At the very beginning, after she left Maracaibo for the port of Caracas, where she was to take the boat, she had a foreboding that she was going to fail: everything seemed to conspire to prevent her from leaving for France. Just as she was boarding the _Colombie_ she noticed she was missing one of the necessary visas. A race against time to get it in Caracas, tearing along that dangerous little road I knew so well. Back to the port with the paper in her bag and her heart beating for fear the boat should leave before she got there. Then a terrible storm broke out, bringing landslides down over the road. It became so dangerous that the driver lost his head and turned back, leaving Rita there alone in the storm by the side of the road, among the landslides. She walked nearly two miles in the downpour and then by a miracle found a taxi that was returning to Caracas; but at the sight of the landslides it turned back for the port. And from the port she could hear ships' sirens. In her panic she was sure it was the _Colombie_ leaving.

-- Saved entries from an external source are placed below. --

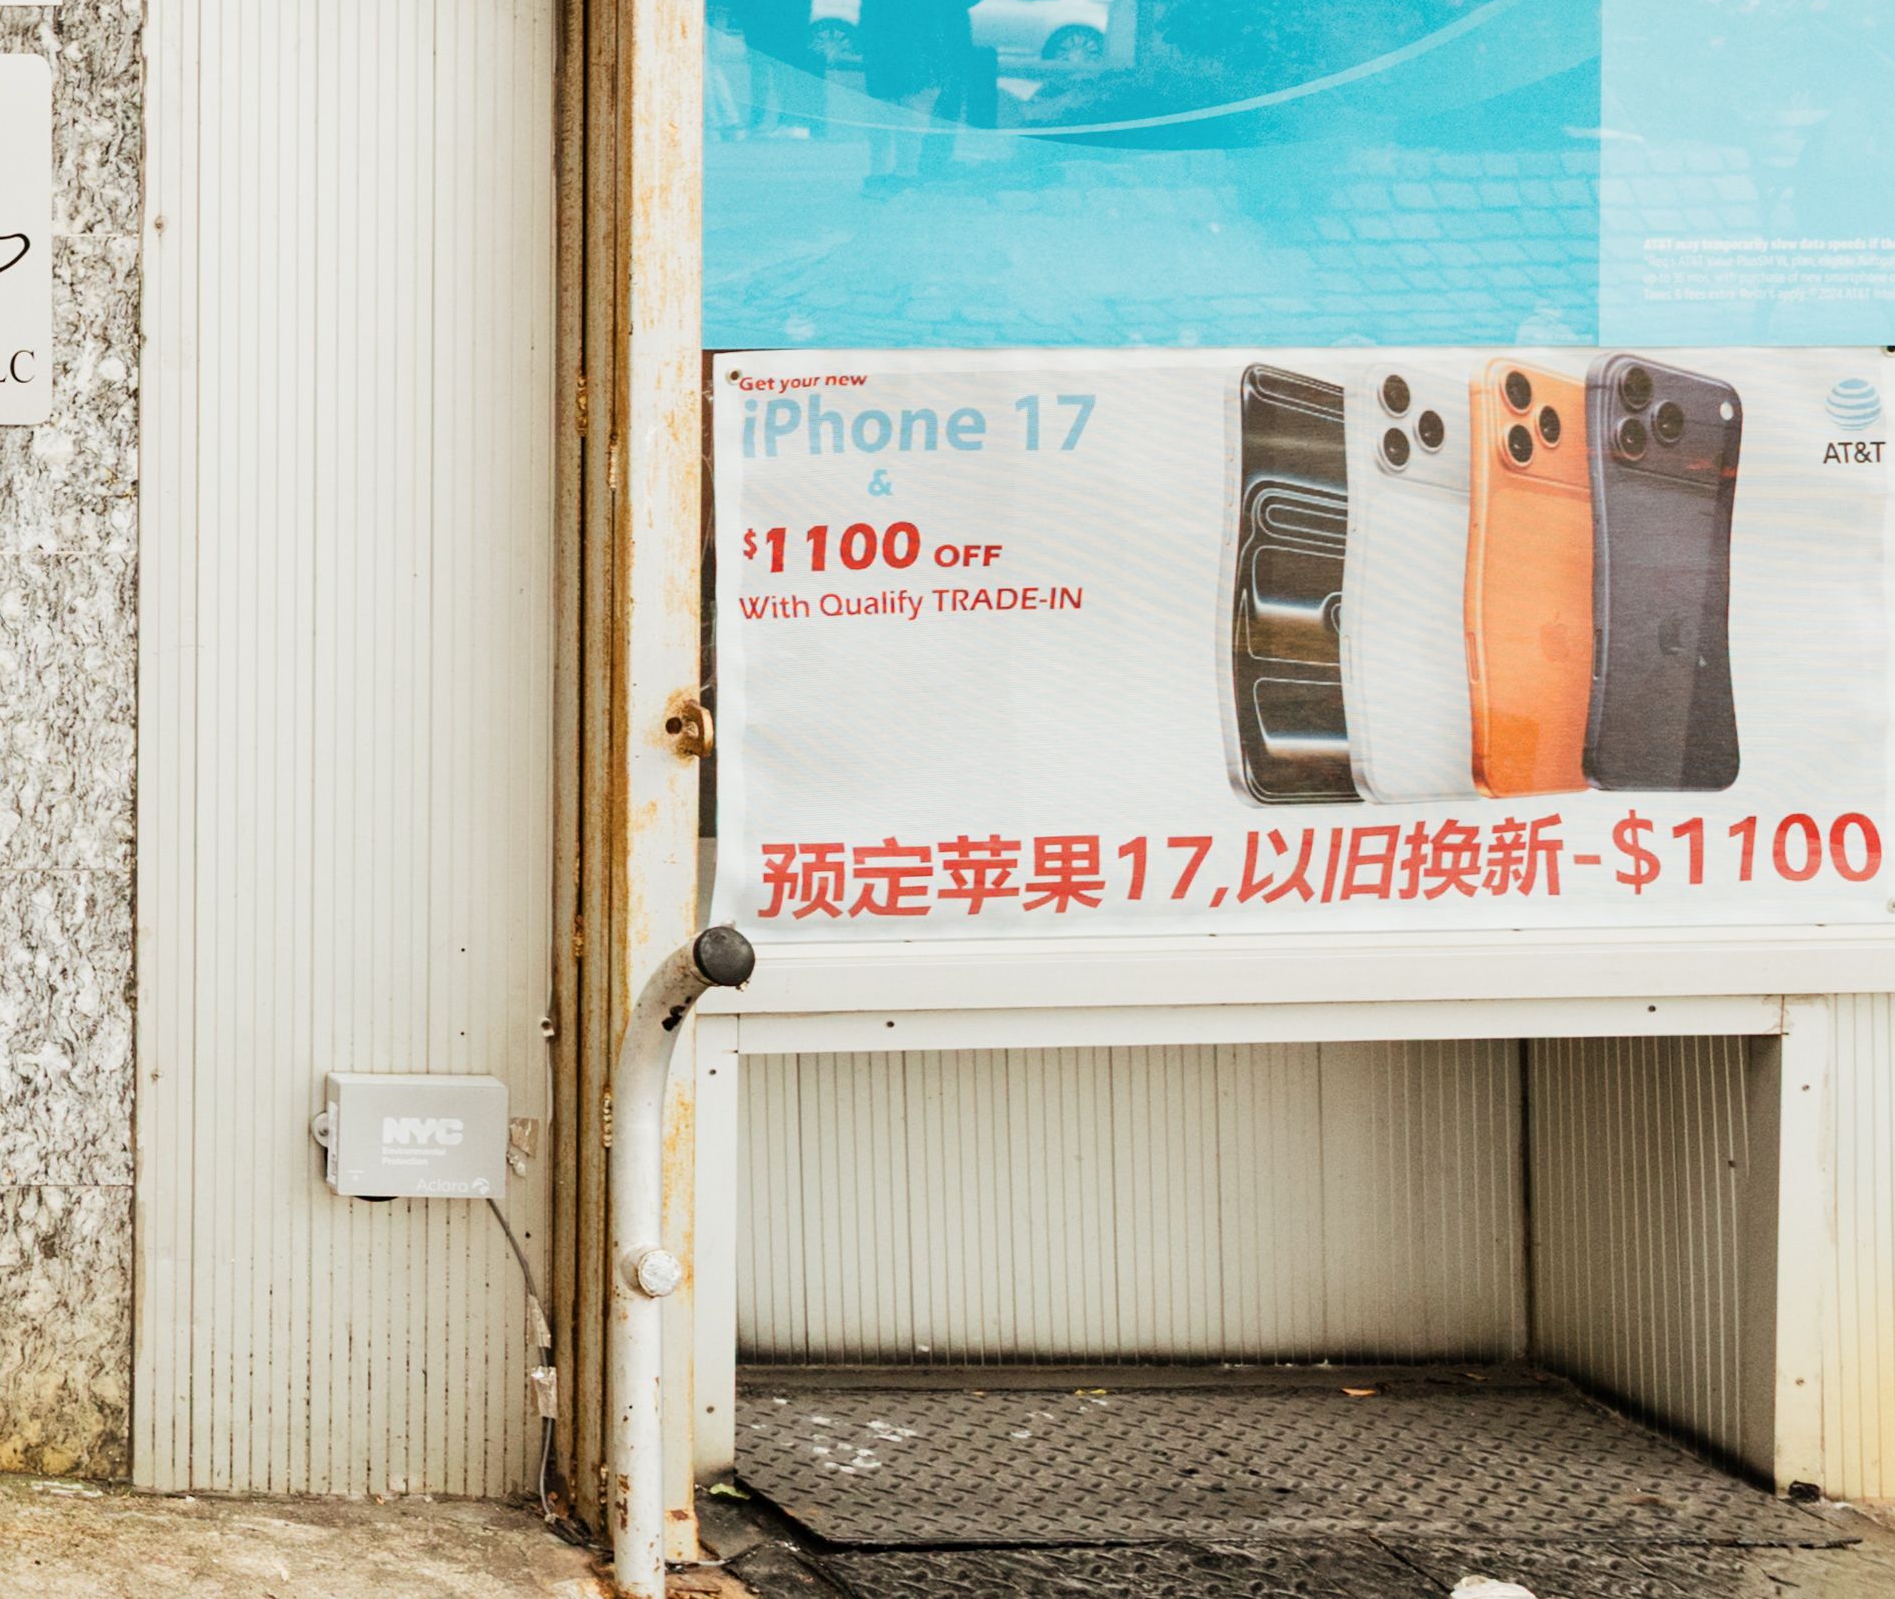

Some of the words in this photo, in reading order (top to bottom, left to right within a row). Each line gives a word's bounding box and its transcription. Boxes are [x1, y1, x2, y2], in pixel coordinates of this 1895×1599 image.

[738, 376, 775, 391] Get
[779, 375, 820, 394] your
[824, 373, 868, 386] new
[742, 393, 987, 458] iPhone
[1014, 394, 1097, 451] 17
[1823, 441, 1886, 464] AT&T
[867, 469, 893, 497] &
[743, 521, 921, 573] $1100
[934, 544, 1003, 568] OFF
[739, 595, 811, 620] With
[820, 590, 924, 621] Qualify
[932, 587, 1084, 612] TRADE-IN
[382, 1117, 464, 1145] NYC
[416, 1177, 468, 1193] Aclara
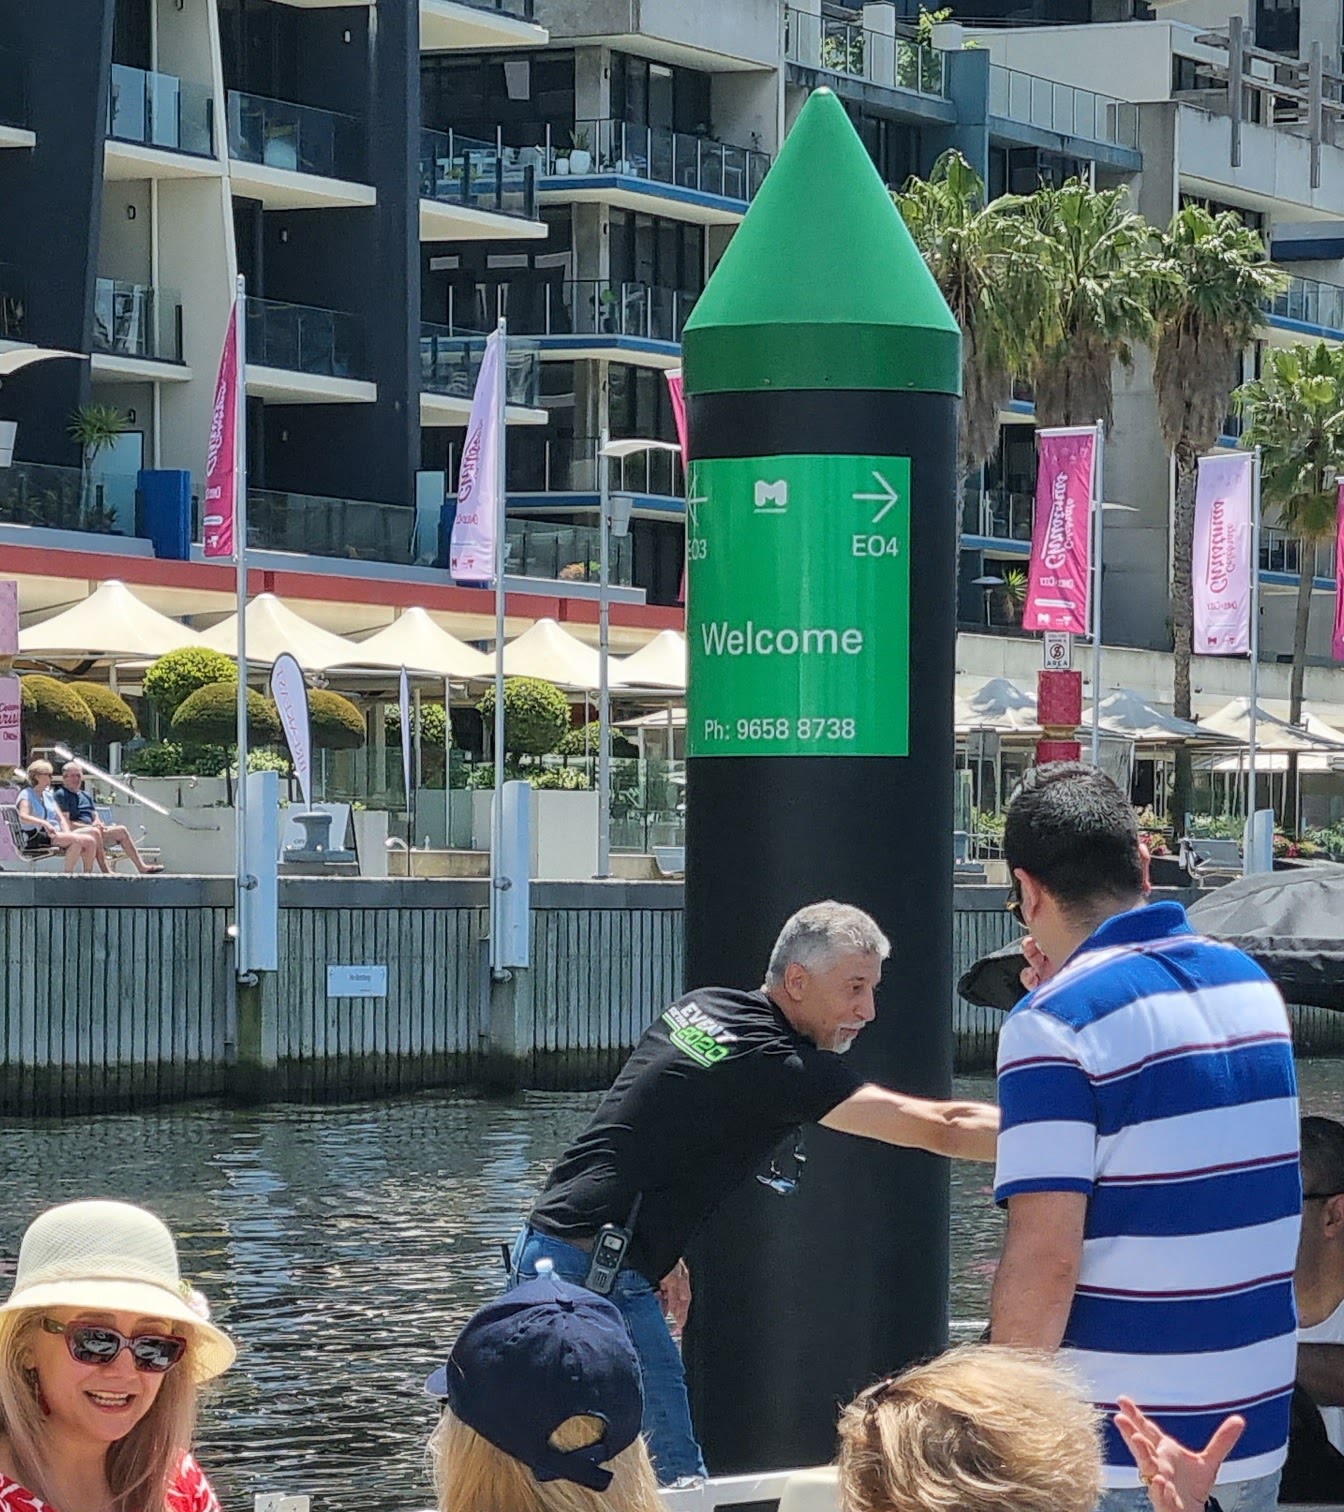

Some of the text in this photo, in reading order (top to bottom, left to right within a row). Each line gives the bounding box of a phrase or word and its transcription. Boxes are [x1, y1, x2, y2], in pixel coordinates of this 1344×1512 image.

[701, 621, 864, 656] Welcome
[704, 718, 856, 741] Ph: 9658 8738
[677, 1026, 730, 1062] 2020

Then when she reached her cabin at last, weeping with joy, there was some accident aboard and the ship could not leave for several hours. All this gave her a very uneasy feeling, as if the events were expressions of fate.
Then the ocean: Le Havre, Paris, and without a stop, Marseille, where she stayed with a woman she knew, who introduced her to a municipal councilor, who wrote her a cordial letter to a friend of his called Henri Champel, who lived at Vals-les-Bains in the Ardeche.
Then the train and the bus again, and it was not until she reached these wonderfully kind Champels that Rita could draw breath and begin to organize her search. Even then she was not at the end of her difficulties.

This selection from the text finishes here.